About this exercise: An exact copy of the listing below is required, minus its pictures.

Records provided:
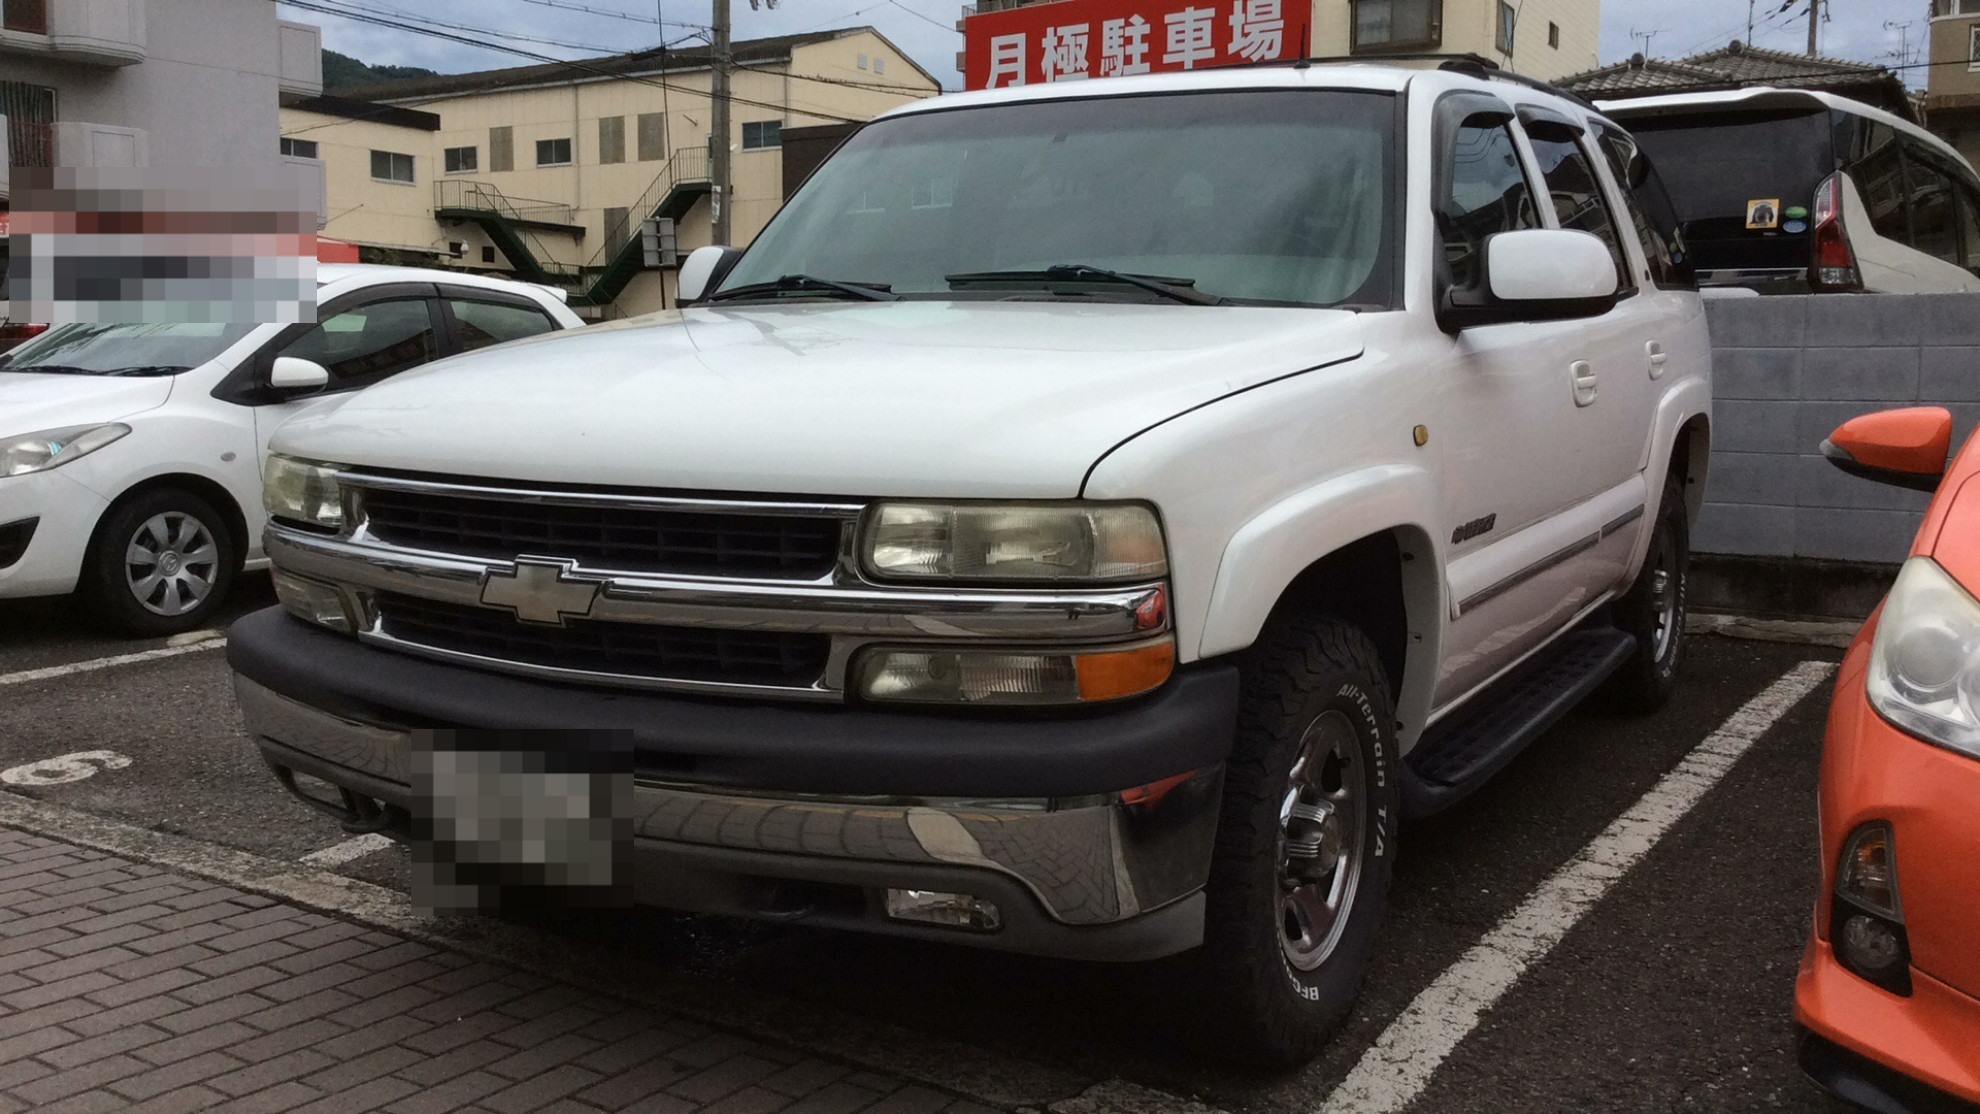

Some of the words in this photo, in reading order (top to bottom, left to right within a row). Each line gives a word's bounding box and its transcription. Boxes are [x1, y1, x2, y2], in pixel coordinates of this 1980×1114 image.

[986, 0, 1284, 89] 月極駐車場
[1336, 684, 1385, 787] All-Terrain
[1375, 804, 1387, 856] T/A
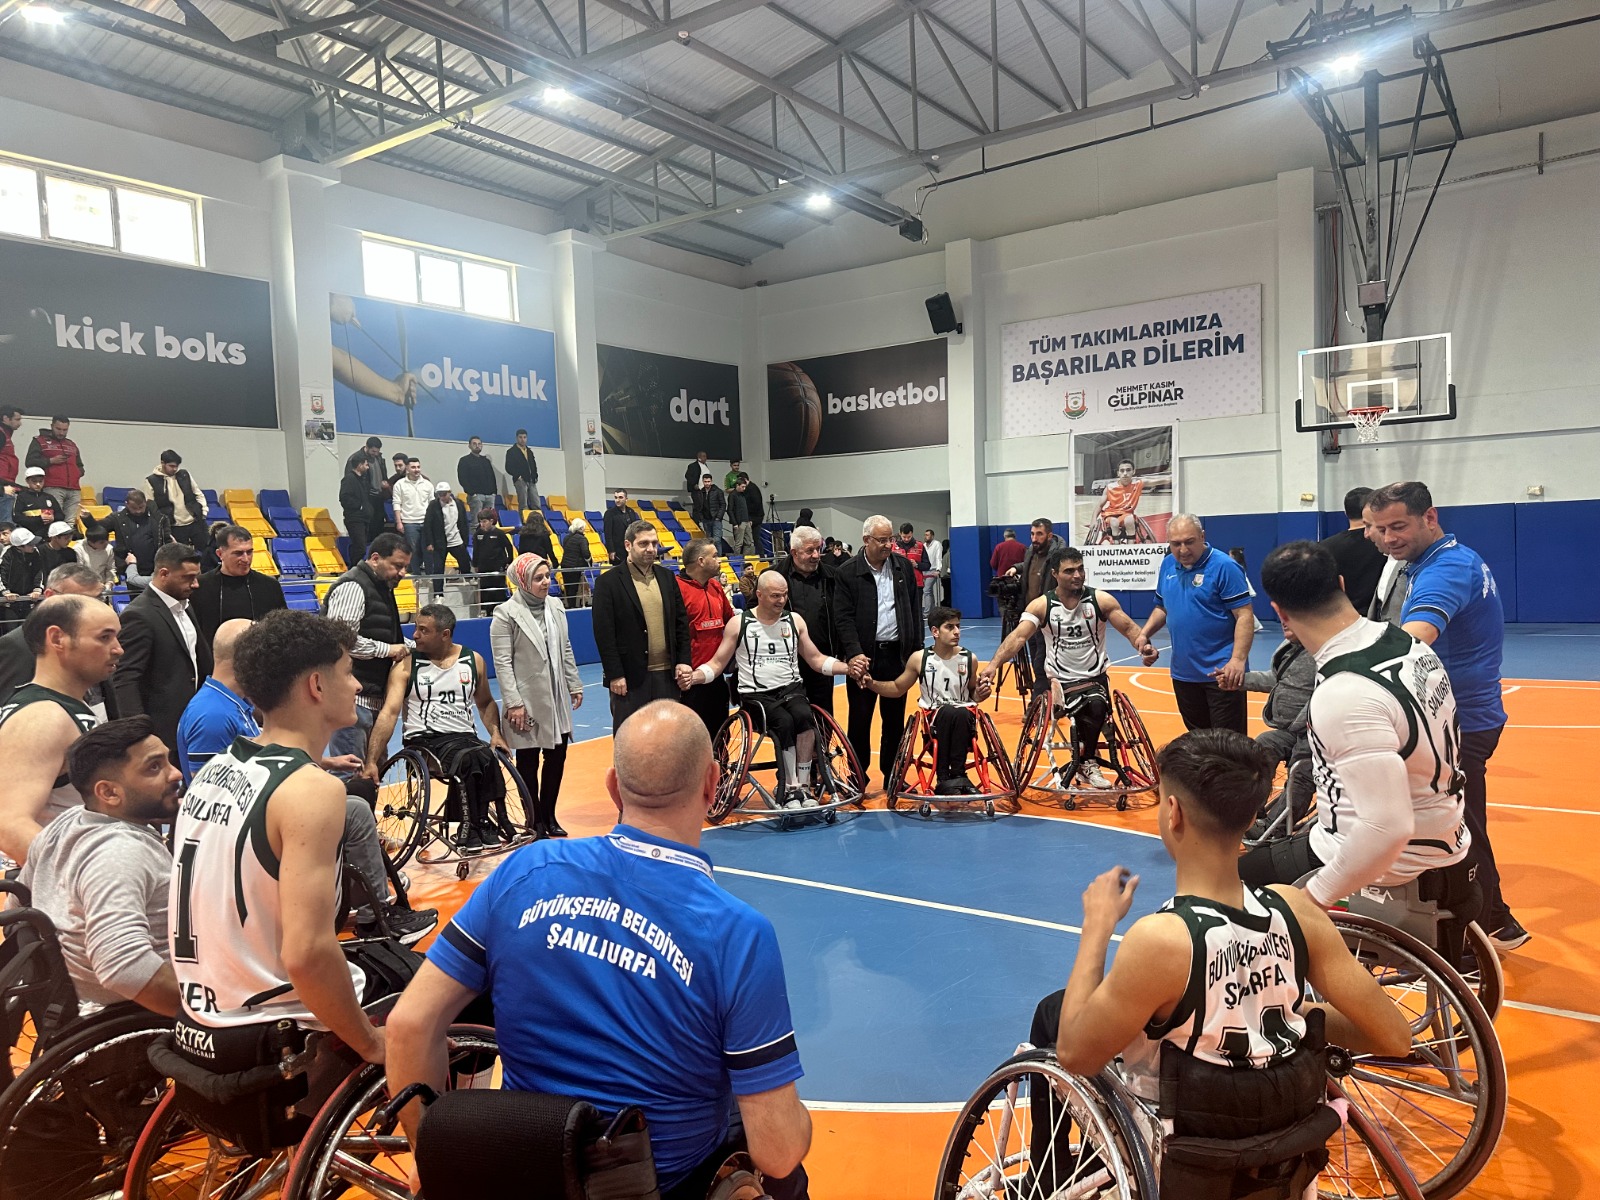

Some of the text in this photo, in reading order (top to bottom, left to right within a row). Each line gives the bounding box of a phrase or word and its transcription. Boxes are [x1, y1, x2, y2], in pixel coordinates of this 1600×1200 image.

[55, 314, 247, 365] kick boks
[1029, 312, 1223, 355] TÜM TAKIMLARIMIZA
[1012, 331, 1245, 386] BAŞARILAR DİLERİM
[421, 356, 548, 402] okçuluk
[827, 376, 946, 415] basketbol
[1116, 380, 1175, 394] MEHMET KASIM
[669, 388, 730, 426] dart
[1107, 387, 1184, 408] GÜLPINAR
[1097, 545, 1166, 557] UNUTMAYACAĞI
[1098, 558, 1151, 567] MUHAMMED
[768, 642, 776, 655] 9
[1066, 625, 1082, 637] 23
[438, 690, 456, 704] 20
[943, 677, 950, 692] 7
[173, 838, 201, 964] 1
[517, 893, 694, 987] BÜYÜKŞEHİR BELEDİYESİ
[546, 922, 657, 980] ŞANLIURFA
[175, 1020, 215, 1052] EXTRA
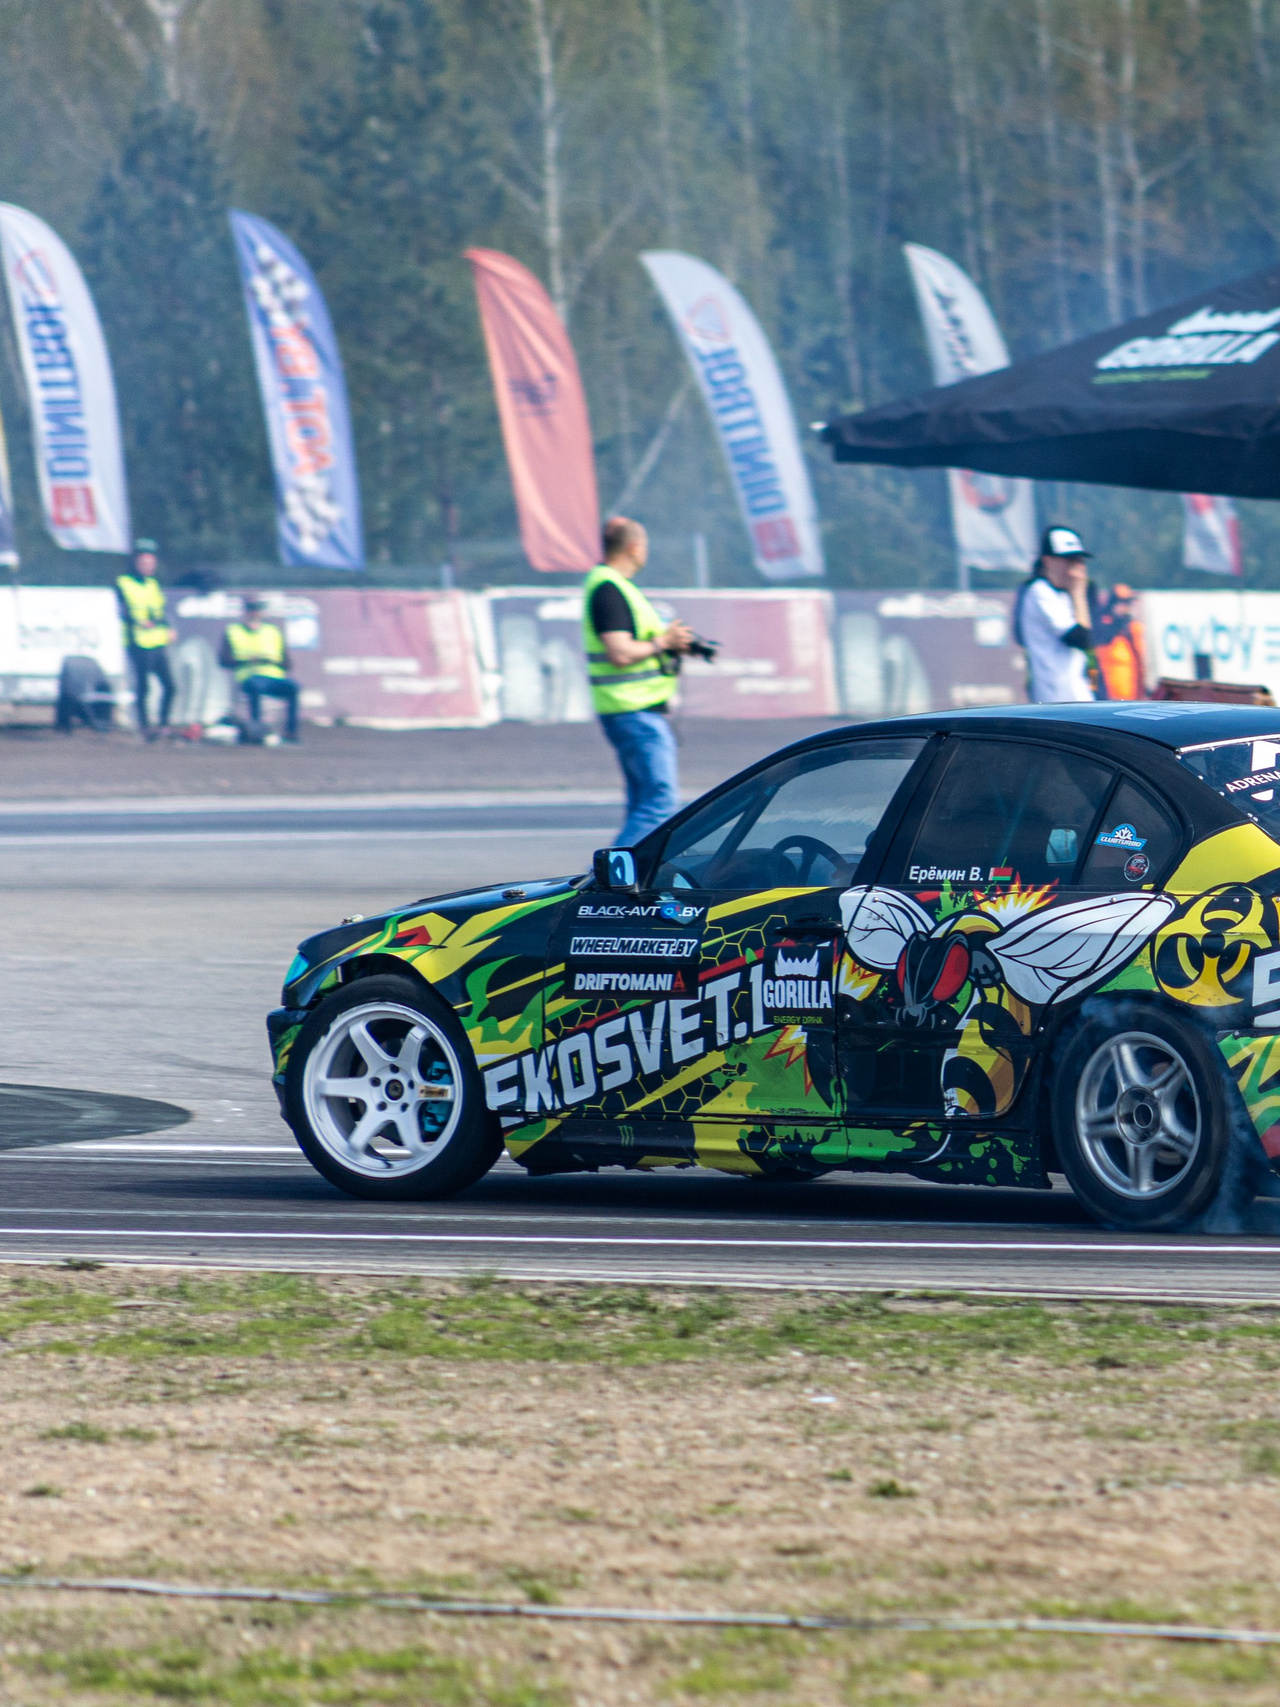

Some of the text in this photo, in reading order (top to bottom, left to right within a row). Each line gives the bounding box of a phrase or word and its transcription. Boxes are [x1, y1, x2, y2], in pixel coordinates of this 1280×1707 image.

[909, 865, 984, 884] Ерёмин В.
[571, 937, 698, 957] WHEELMARKET.BY
[574, 969, 687, 993] DRIFTOMANIA
[763, 979, 832, 1009] GORILLA
[773, 1015, 823, 1024] ENERGY DRINK

Reply to the task:
Some of the words in this photo, in reading order (top to bottom, left to right within a row). Each line gives a word's bounding box and its transcription. Boxes are [x1, y1, x2, y2], in pixel coordinates of this 1980×1114 image.

[986, 0, 1284, 89] 月極駐車場
[1336, 684, 1385, 787] All-Terrain
[1375, 804, 1387, 856] T/A

Some of the text in this photo, in reading order (top to bottom, left to right within a row). Each line gives the bounding box of a phrase or word and its transcription. Boxes are [x1, y1, x2, y2], in pixel coordinates of this 1600×1200 image.

[55, 314, 247, 365] kick boks
[1029, 312, 1223, 355] TÜM TAKIMLARIMIZA
[1012, 331, 1245, 386] BAŞARILAR DİLERİM
[421, 356, 548, 402] okçuluk
[827, 376, 946, 415] basketbol
[1116, 380, 1175, 394] MEHMET KASIM
[669, 388, 730, 426] dart
[1107, 387, 1184, 408] GÜLPINAR
[1097, 545, 1166, 557] UNUTMAYACAĞI
[1098, 558, 1151, 567] MUHAMMED
[768, 642, 776, 655] 9
[1066, 625, 1082, 637] 23
[438, 690, 456, 704] 20
[943, 677, 950, 692] 7
[173, 838, 201, 964] 1
[517, 893, 694, 987] BÜYÜKŞEHİR BELEDİYESİ
[546, 922, 657, 980] ŞANLIURFA
[175, 1020, 215, 1052] EXTRA

Some of the text in this photo, in reading order (top to bottom, left to right within a row). Each line gives the bounding box of a phrase or word and its transcription. Boxes are [x1, y1, x2, y2], in pixel coordinates of this 1280×1707 image.

[909, 865, 984, 884] Ерёмин В.
[571, 937, 698, 957] WHEELMARKET.BY
[574, 969, 687, 993] DRIFTOMANIA
[763, 979, 832, 1009] GORILLA
[773, 1015, 823, 1024] ENERGY DRINK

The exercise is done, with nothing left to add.